### Exercise prompt
Every record below is to be repeated exactly, with the pictures left out.

### Excerpts from a dataset
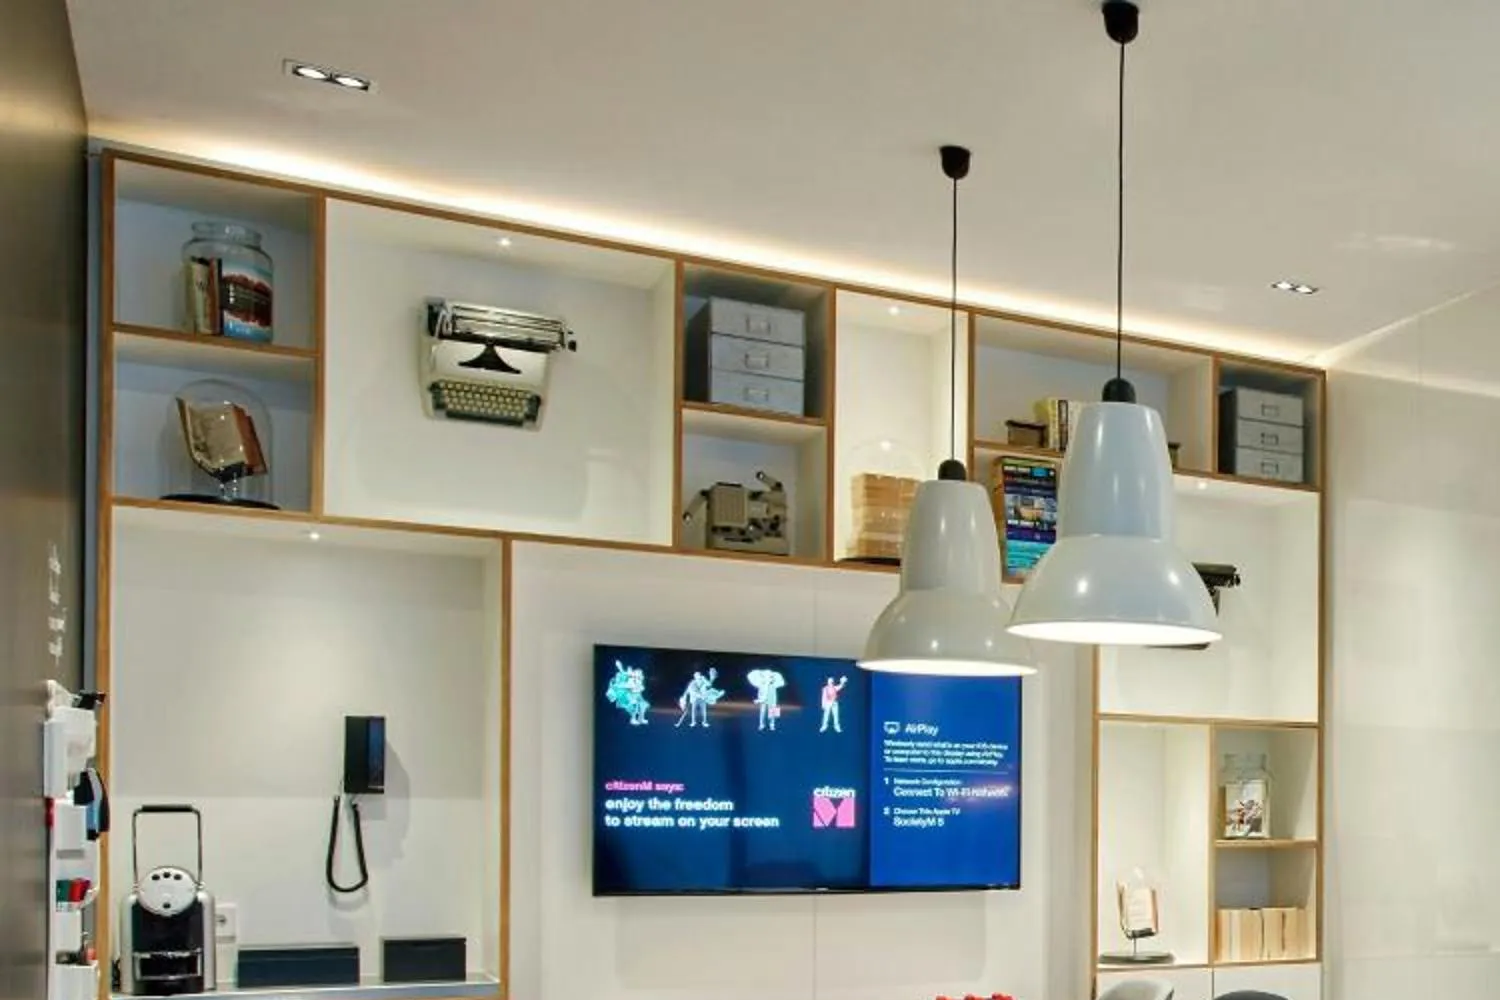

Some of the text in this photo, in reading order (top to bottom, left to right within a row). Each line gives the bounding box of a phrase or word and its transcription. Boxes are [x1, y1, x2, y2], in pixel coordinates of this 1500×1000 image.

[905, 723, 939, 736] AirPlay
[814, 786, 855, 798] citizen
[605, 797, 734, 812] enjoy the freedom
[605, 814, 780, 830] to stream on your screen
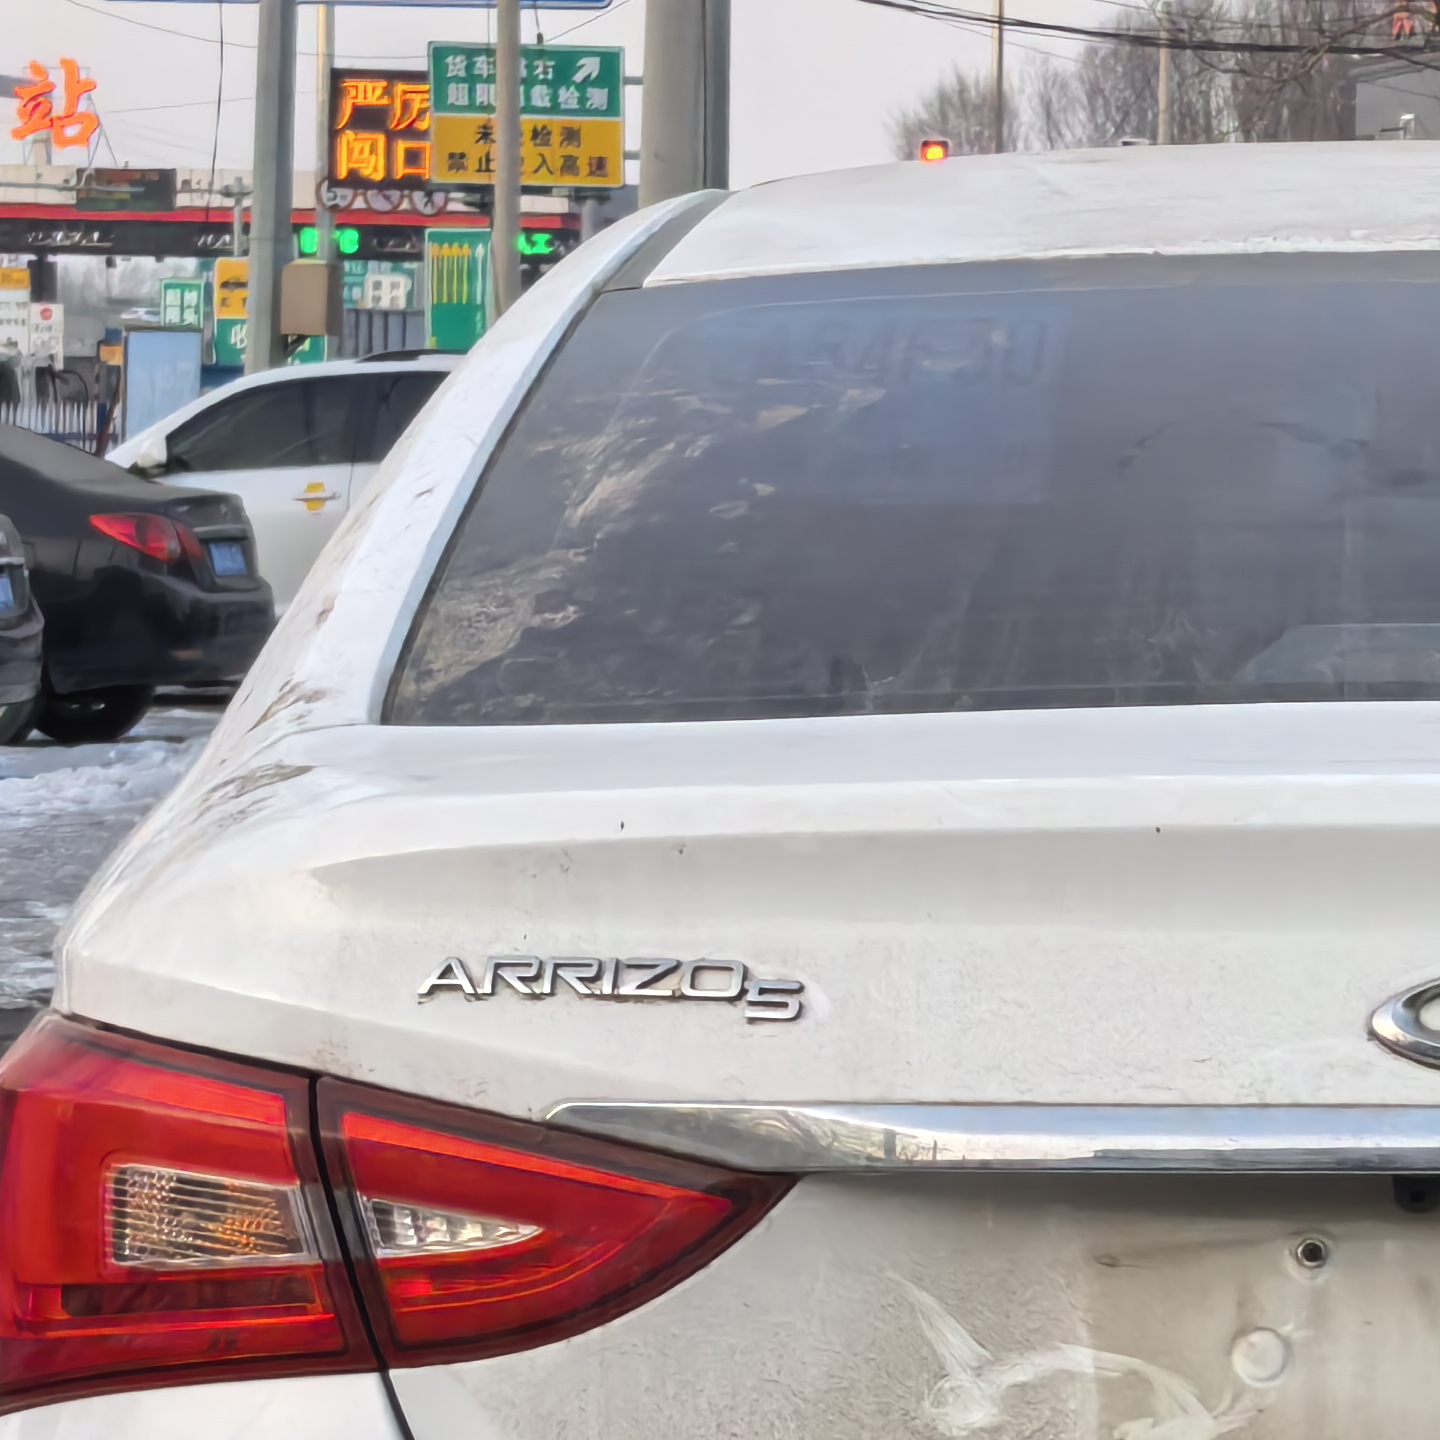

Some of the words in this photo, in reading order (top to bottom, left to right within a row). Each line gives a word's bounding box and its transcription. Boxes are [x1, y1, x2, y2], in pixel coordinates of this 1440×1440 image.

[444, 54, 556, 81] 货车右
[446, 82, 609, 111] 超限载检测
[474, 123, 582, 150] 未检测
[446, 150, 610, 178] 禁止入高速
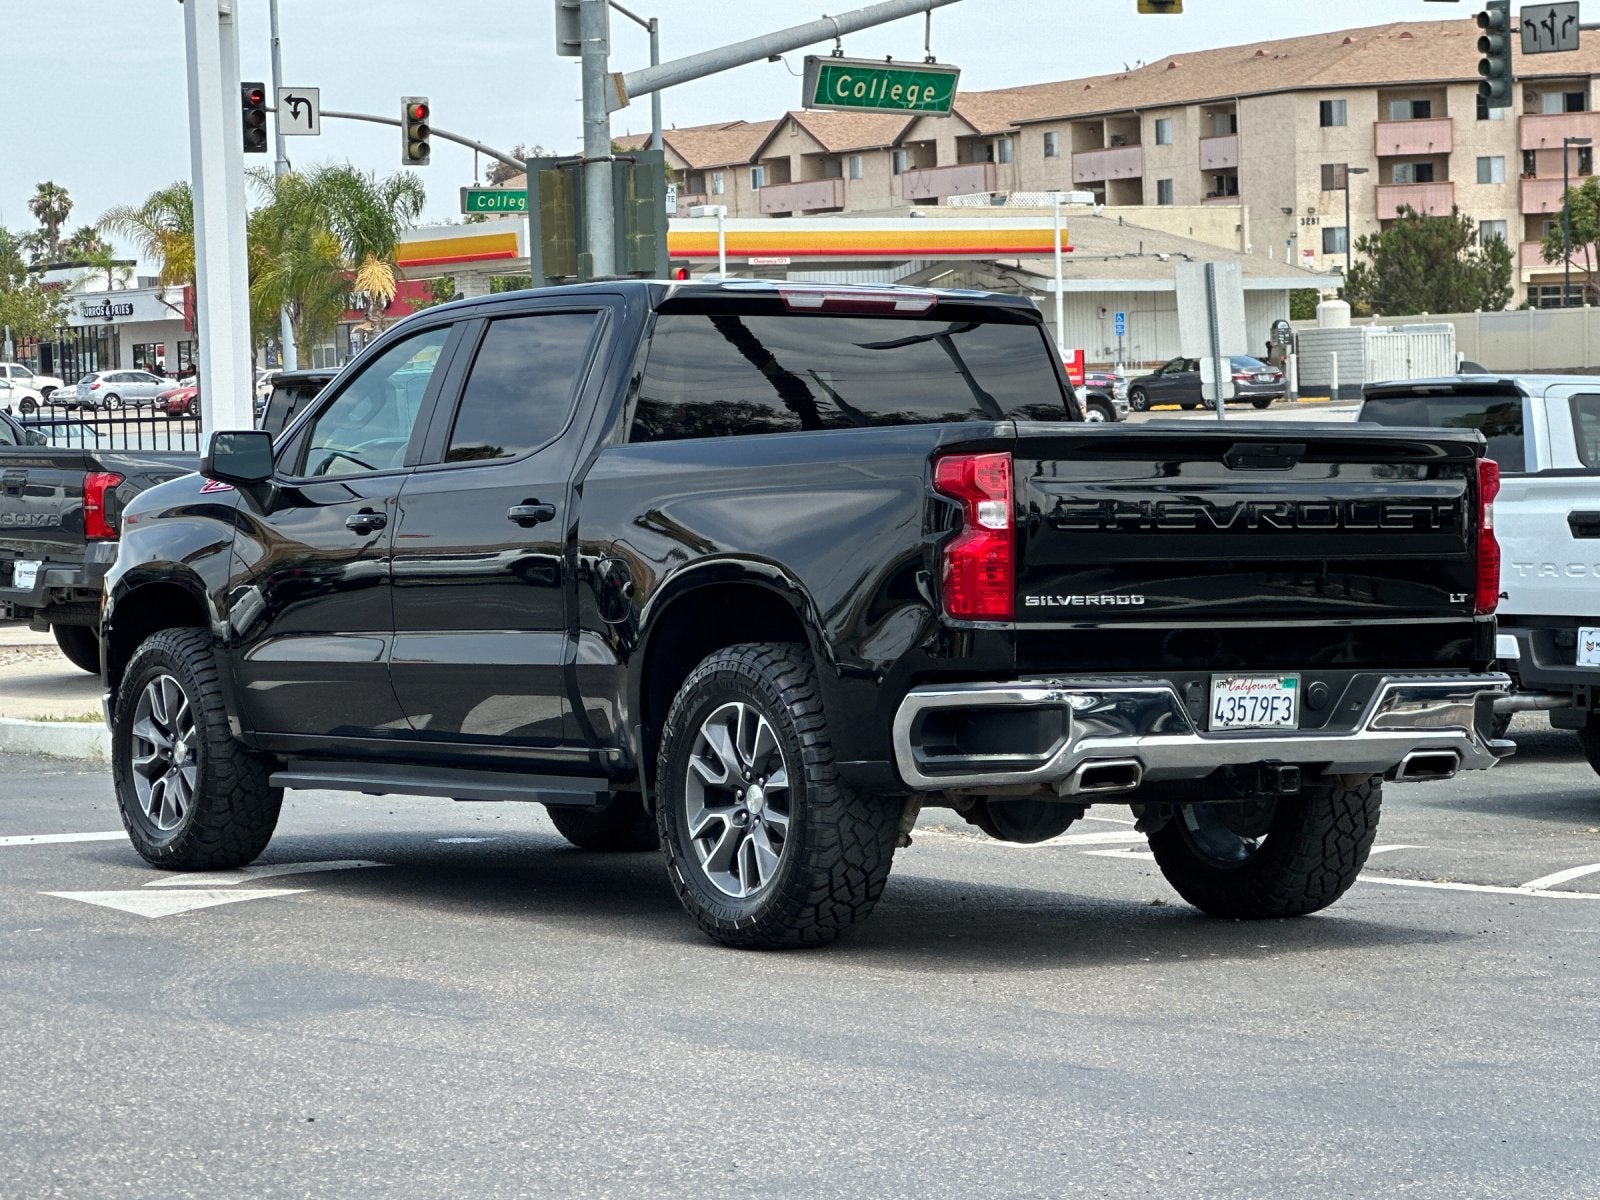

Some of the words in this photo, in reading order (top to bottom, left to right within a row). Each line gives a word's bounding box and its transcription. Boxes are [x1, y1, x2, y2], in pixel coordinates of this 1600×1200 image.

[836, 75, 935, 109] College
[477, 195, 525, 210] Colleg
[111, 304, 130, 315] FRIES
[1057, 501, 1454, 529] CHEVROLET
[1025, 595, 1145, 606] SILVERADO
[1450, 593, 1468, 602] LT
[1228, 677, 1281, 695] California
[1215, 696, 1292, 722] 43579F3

### Answer to the exercise
Some of the text in this photo, in reading order (top to bottom, left to right within a row). Each line gives the bounding box of a phrase or word and its transcription. Boxes are [x1, y1, x2, y2], in pixel coordinates of this 1500×1000 image.

[905, 723, 939, 736] AirPlay
[814, 786, 855, 798] citizen
[605, 797, 734, 812] enjoy the freedom
[605, 814, 780, 830] to stream on your screen

Some of the words in this photo, in reading order (top to bottom, left to right within a row). Each line gives a word's bounding box and its transcription. Boxes are [x1, y1, x2, y2], in pixel coordinates of this 1440×1440 image.

[444, 54, 556, 81] 货车右
[446, 82, 609, 111] 超限载检测
[474, 123, 582, 150] 未检测
[446, 150, 610, 178] 禁止入高速

Some of the words in this photo, in reading order (top to bottom, left to right within a row). Each line gives a word's bounding box and its transcription. Boxes are [x1, y1, x2, y2], in pixel coordinates of this 1600×1200 image.

[836, 75, 935, 109] College
[477, 195, 525, 210] Colleg
[111, 304, 130, 315] FRIES
[1057, 501, 1454, 529] CHEVROLET
[1025, 595, 1145, 606] SILVERADO
[1450, 593, 1468, 602] LT
[1228, 677, 1281, 695] California
[1215, 696, 1292, 722] 43579F3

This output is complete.